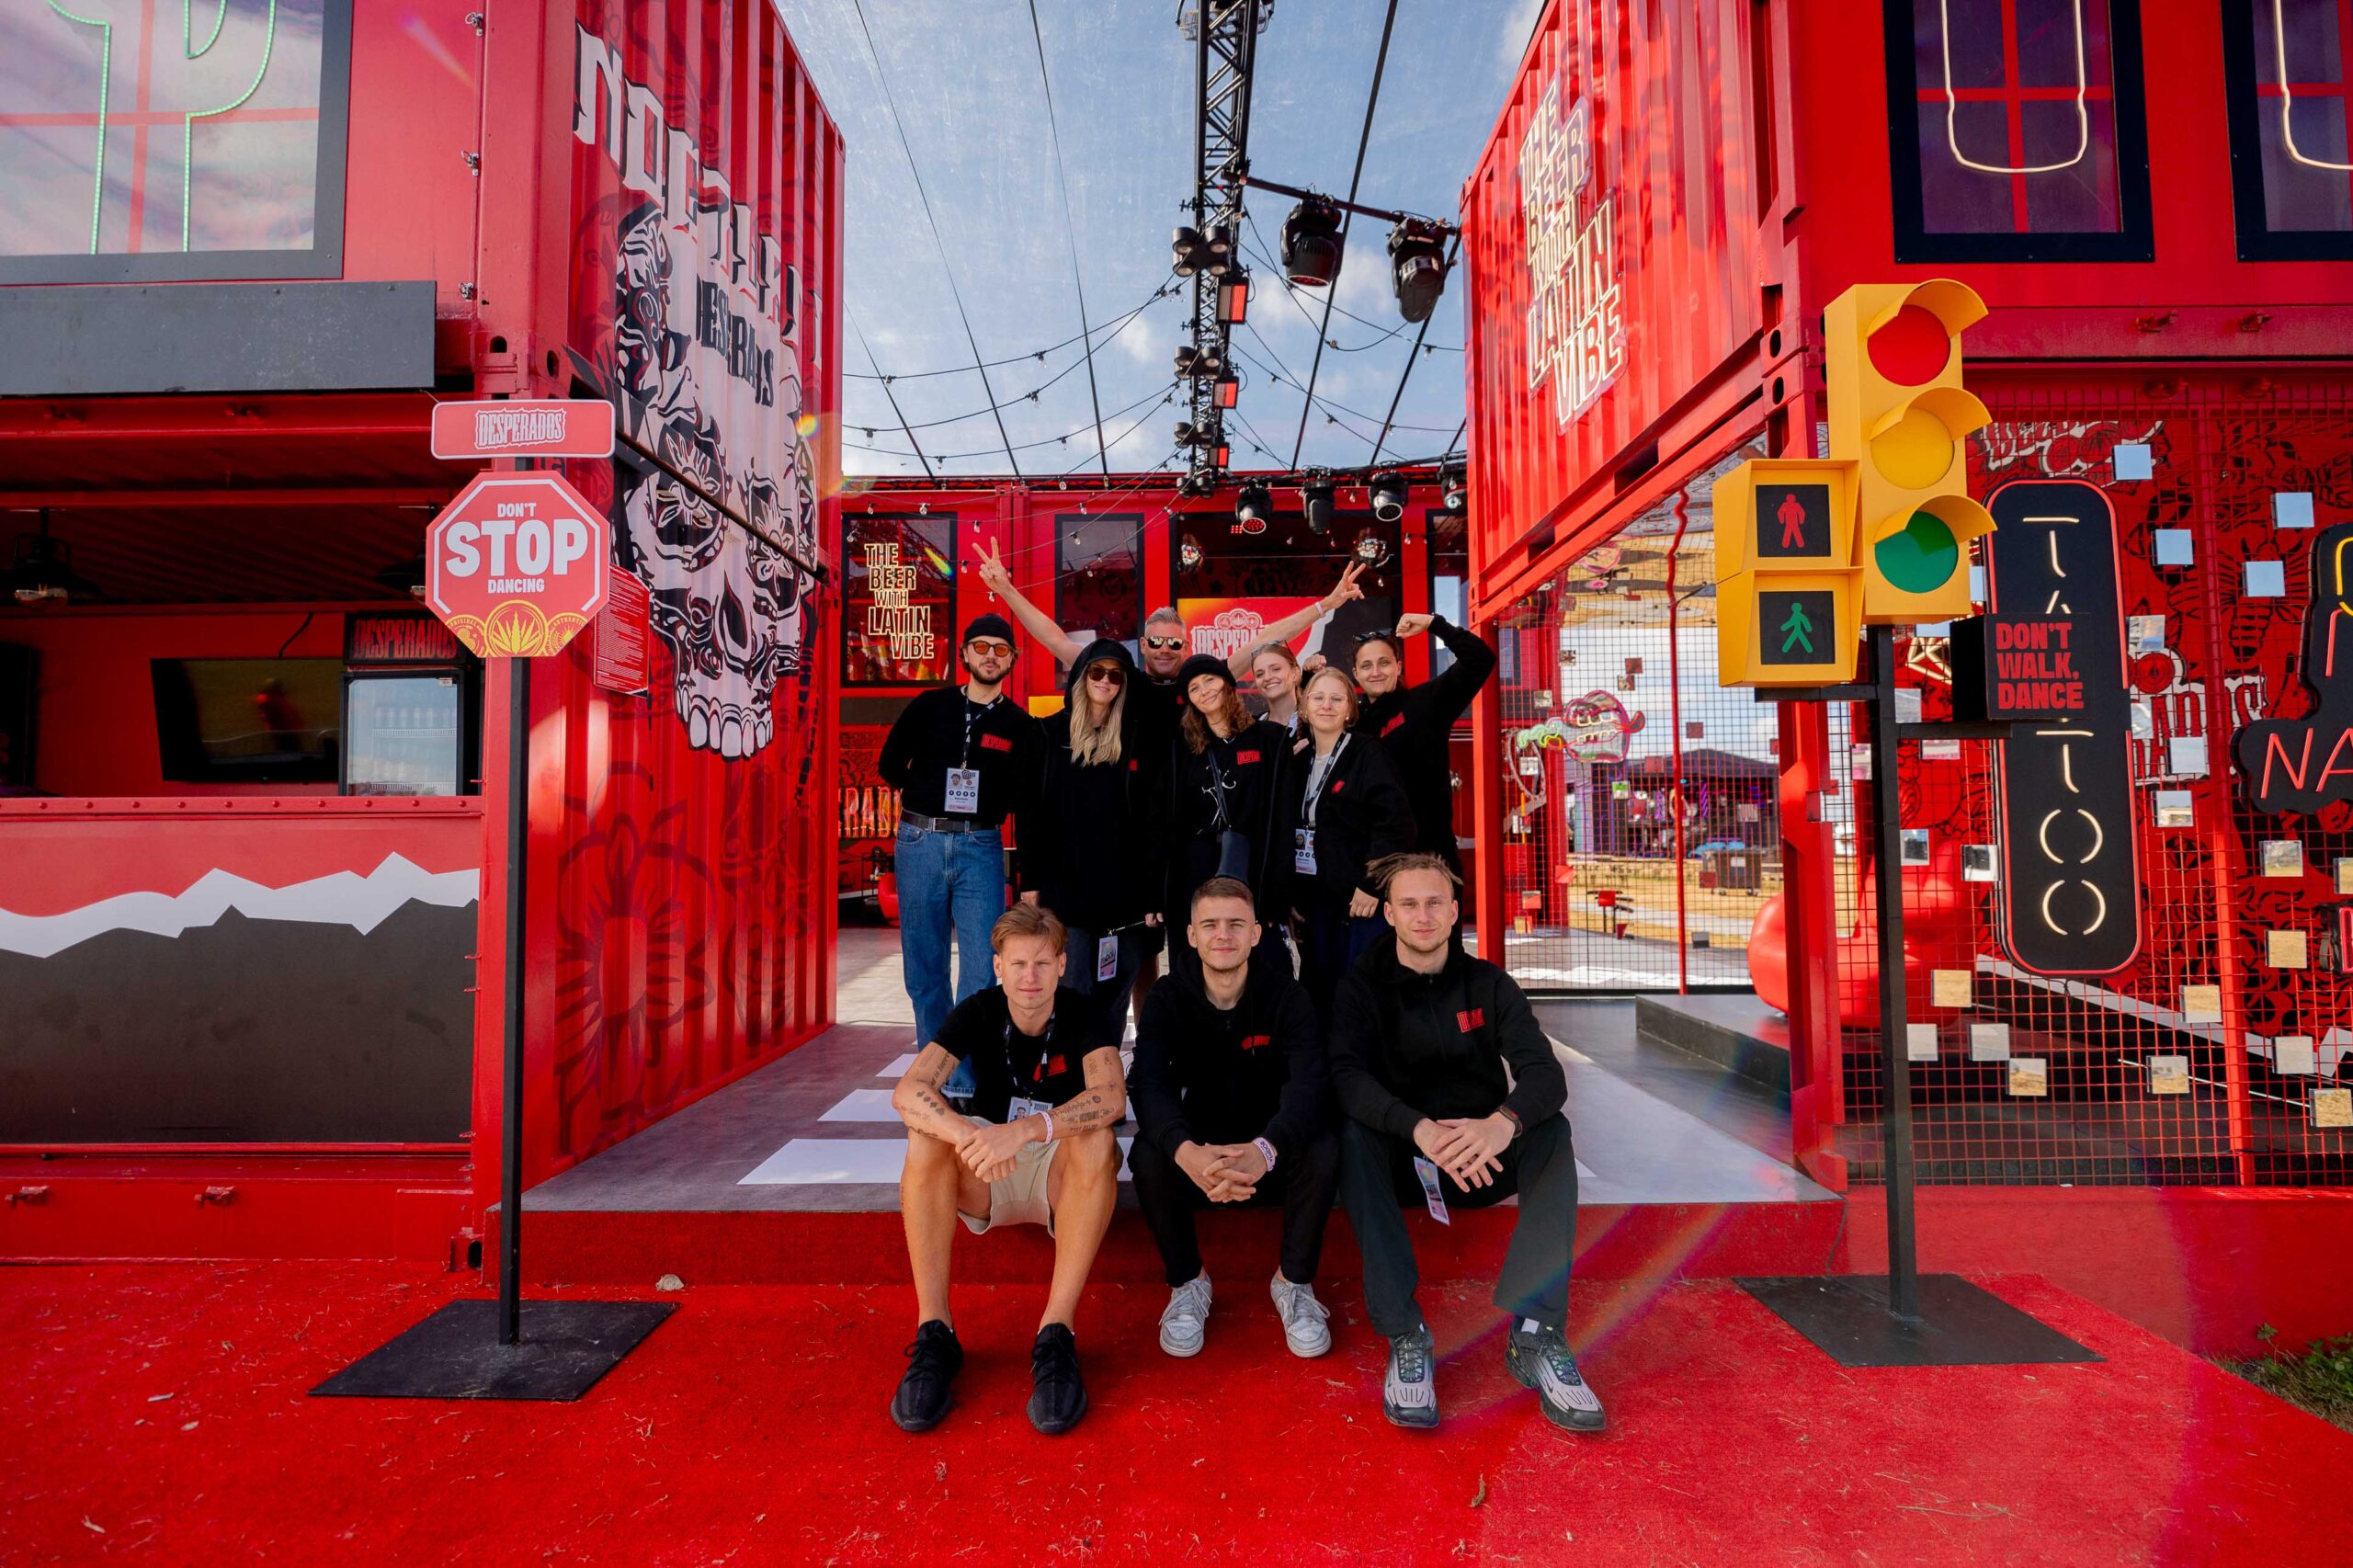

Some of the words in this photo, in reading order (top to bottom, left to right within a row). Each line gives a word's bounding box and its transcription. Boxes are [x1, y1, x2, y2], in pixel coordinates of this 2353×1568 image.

[1519, 79, 1559, 200] THE
[1526, 108, 1586, 264] BEER
[1532, 195, 1577, 301] WITH
[1528, 199, 1612, 389] LATIN
[1553, 284, 1621, 425] VIBE
[476, 410, 565, 449] DESPERADOS
[497, 503, 537, 517] DON'T
[446, 519, 588, 577] STOP
[864, 543, 898, 567] THE
[487, 578, 545, 594] DANCING
[869, 566, 916, 591] BEER
[875, 589, 908, 608] WITH
[868, 606, 930, 635] LATIN
[1995, 622, 2072, 650] DON'T
[353, 619, 457, 659] DESPERADOS
[891, 633, 934, 659] VIBE
[1998, 682, 2084, 710] DANCE
[2022, 517, 2106, 936] TTOO

▸ **What you will do**: Everything in the listing above must be retyped exactly, except for the pictures.

▸ **Expected output**:
Some of the words in this photo, in reading order (top to bottom, left to right within a row). Each line gives a word's bounding box and its transcription. Boxes are [x1, y1, x2, y2], in pixel coordinates of this 2353×1568 image.

[1519, 79, 1559, 200] THE
[1526, 108, 1586, 264] BEER
[1532, 195, 1577, 301] WITH
[1528, 199, 1612, 389] LATIN
[1553, 284, 1621, 425] VIBE
[476, 410, 565, 449] DESPERADOS
[497, 503, 537, 517] DON'T
[446, 519, 588, 577] STOP
[864, 543, 898, 567] THE
[487, 578, 545, 594] DANCING
[869, 566, 916, 591] BEER
[875, 589, 908, 608] WITH
[868, 606, 930, 635] LATIN
[1995, 622, 2072, 650] DON'T
[353, 619, 457, 659] DESPERADOS
[891, 633, 934, 659] VIBE
[1998, 682, 2084, 710] DANCE
[2022, 517, 2106, 936] TTOO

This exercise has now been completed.